Aber für einen durschnittlichen Web-Auftritt selbst mit ein paar hundert Seiten ist RubyFrontier durchaus das geeignete Werkzeug.

Mac only

Bis dato läuft RubyFrontier nur auf Apple-Rechnern unter MacOS X und auch nur mit TextMate. Das ist nicht zwingend, denn Ruby läuft eigentlich auf so ziemlich allem, was die Bezeichnung Betriebssystem verdient (also auch unter Windows und den diversen Linux-/Unix-Derivaten). Gelegentlich hat Matt verlauten lassen, daß er daran denke, diese Abhängigkeiten zu beseitigen, aber es scheint nicht wirklich eine hohe Priorität zu haben. Mein Favorit wäre ja der in Java geschriebene, plattformübergreifende Editor jEdit, für den es ein komfortables Project Viewer-Plugin gibt, mit dem ich alle meine Perl Template Toolkit-Projekte verwalte.

jEdit mit Project-Viewer

Aber vielleicht setzt sich auch mal jemand anders daran und baut RubyFrontier plattformübergreifend aus. RubyFrontier ist schließlich Open Source und steht unter der äußerst liberalen MIT-Lizenz. Und es sind ganze elf Befehle, die anzupassen und mit dem Text-Editor zu verheiraten sind. Dem Absatz dieses Buches würde es jedenfalls bestimmt nicht schaden, wenn RubyFrontier auch unter Windows und Linux laufen würde.

Kein Outliner

Einer der großen Stärken von Frontier war (und ist es beim OPML Editor noch heute), daß es mit Outlines, also strukturierten, eingerückten und ausklappbaren Texten umgehen und diese auch skripten konnte. Mein Weblogzum Beispiel war so organisiert, daß in der ersten Ebene die Überschriften eines Beitrags standen und in der zweiten Ebene und darunter der eigentliche Text. Und der Outline-Renderer (ein UserTalk-Skript) nutzte diese Struktur um dann nicht nur das eigentliche Weblog herauszuschreiben, sondern auch um den RSS-Feed zu produzieren.
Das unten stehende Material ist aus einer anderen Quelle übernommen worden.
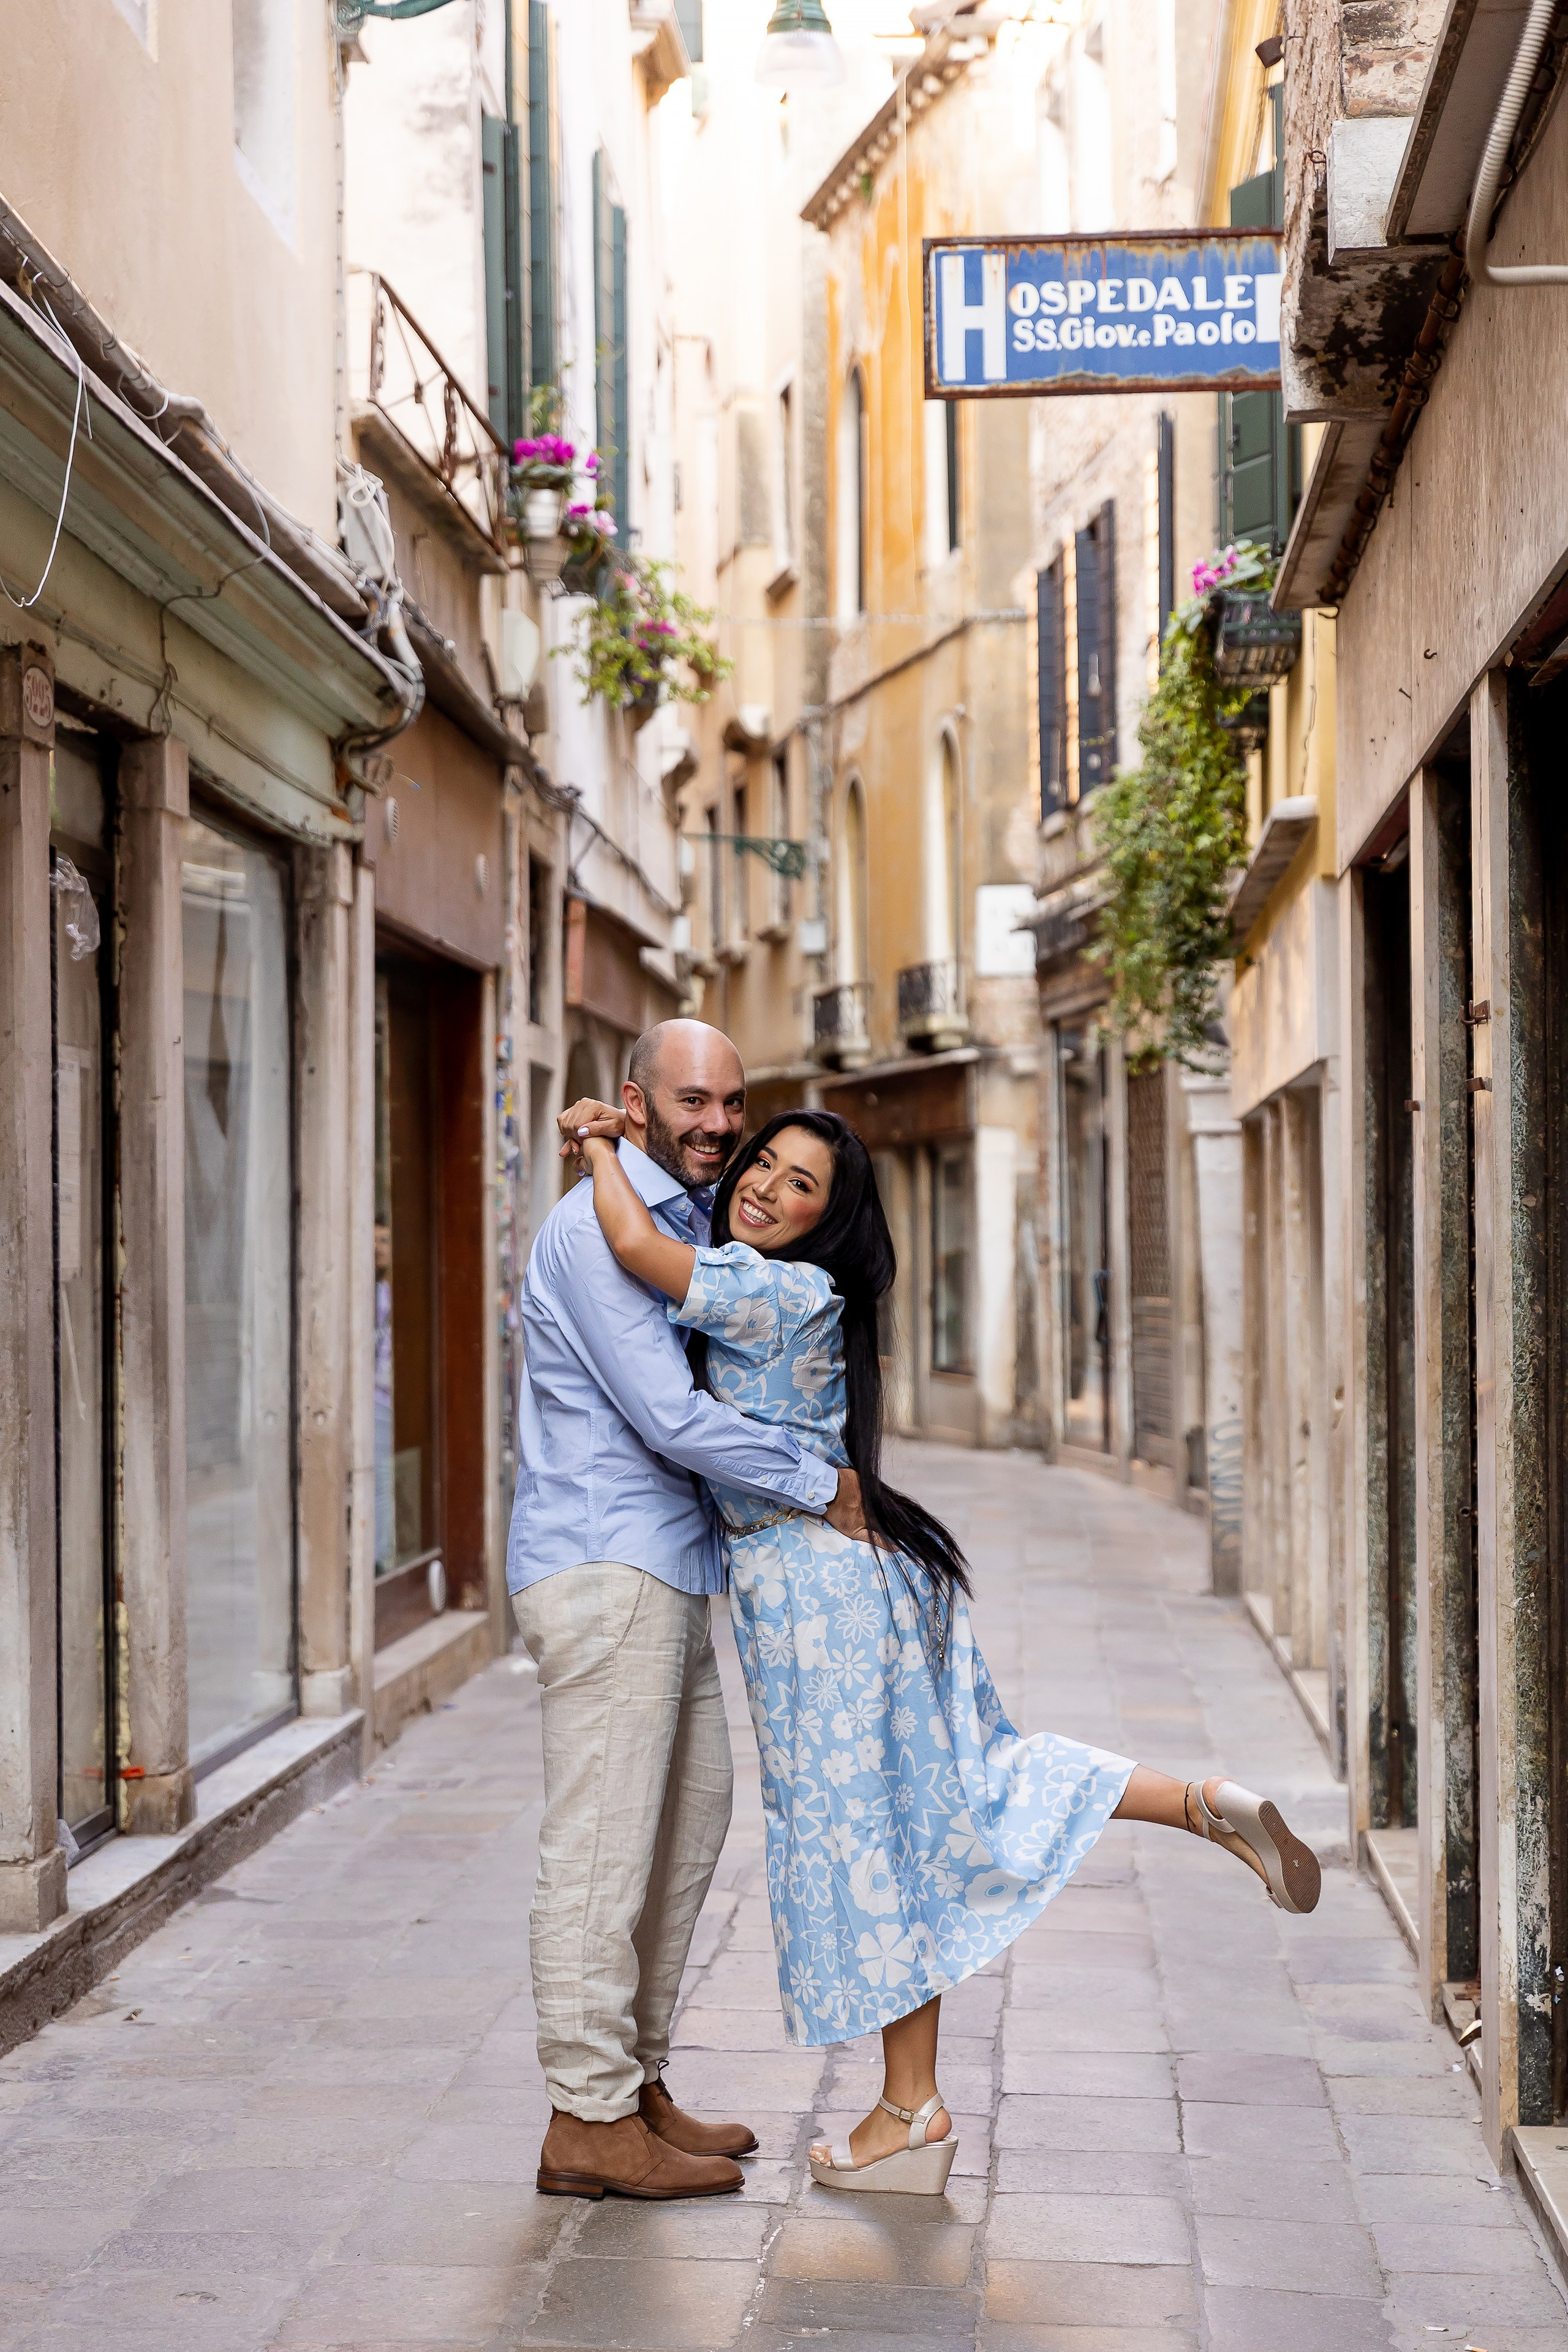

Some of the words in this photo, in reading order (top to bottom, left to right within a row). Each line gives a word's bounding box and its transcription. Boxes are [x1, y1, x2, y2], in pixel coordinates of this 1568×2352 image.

Matt Neuburg hat zwar die wichtigsten Outline-Kommandos aus Frontier nach RubyFrontier portiert, aber TextMate ist nun mal kein Outliner. Wer Outlines benötigt, muß diese mit einem externen Programm im OPML-Format erzeugen (dazu böte sich unter anderem natürlich Dave Winers OPML Editor als Open Source-Programm an, aber auch das kommerzielle OmniOutliner ab ca. 40 US-$ kann OPML-Dateien herausschreiben).

Markdown in RubyFrontier

Aber es gibt auch eine interne Alternative: RubyFrontier kann mit der Auszeichnungssprache Markdown und dessen Superset kramdown umgehen, wobei für meinen Geschmack die Unterstützung von kramdown noch etwas gewöhnungsbedürftig ist. Außerdem ist Markdown so etwas wie ein plattformübergreifender Standard und wird von TextMate hervorragend unterstützt. Daher benutze ich bei fast allen meinen Seiten nun Markdown statt eines Outlines und habe so ein leicht lesbares Quellformat, das nicht nur von RubyFrontier in valides (X)HTML gewandelt wird, sondern das ich gegebenenfalls auch leicht in andere Formate (zum Beispiel nach LaTeX) umwandeln kann (das erzeugte LaTeX-File bedarf zwar noch einer gründlichen Nachbehandlung, aber ein Anfang ist damit gemacht). So kommt es, daß ich den Outliner nicht mehr wirklich vermisse.

Für Autoren

Dave Winer hatte einmal geschrieben: »The web is an writing environment.« — »Das Netz ist eine Umgebung für Autoren.« Und genau das ist auch RubyFrontier: Eine Arbeitsumgebung für Autoren. Und zwar für unabhängige Autoren, die bis zur endgültigen Publikation die volle Kontrolle über ihre Veröffentlichungen behalten wollen.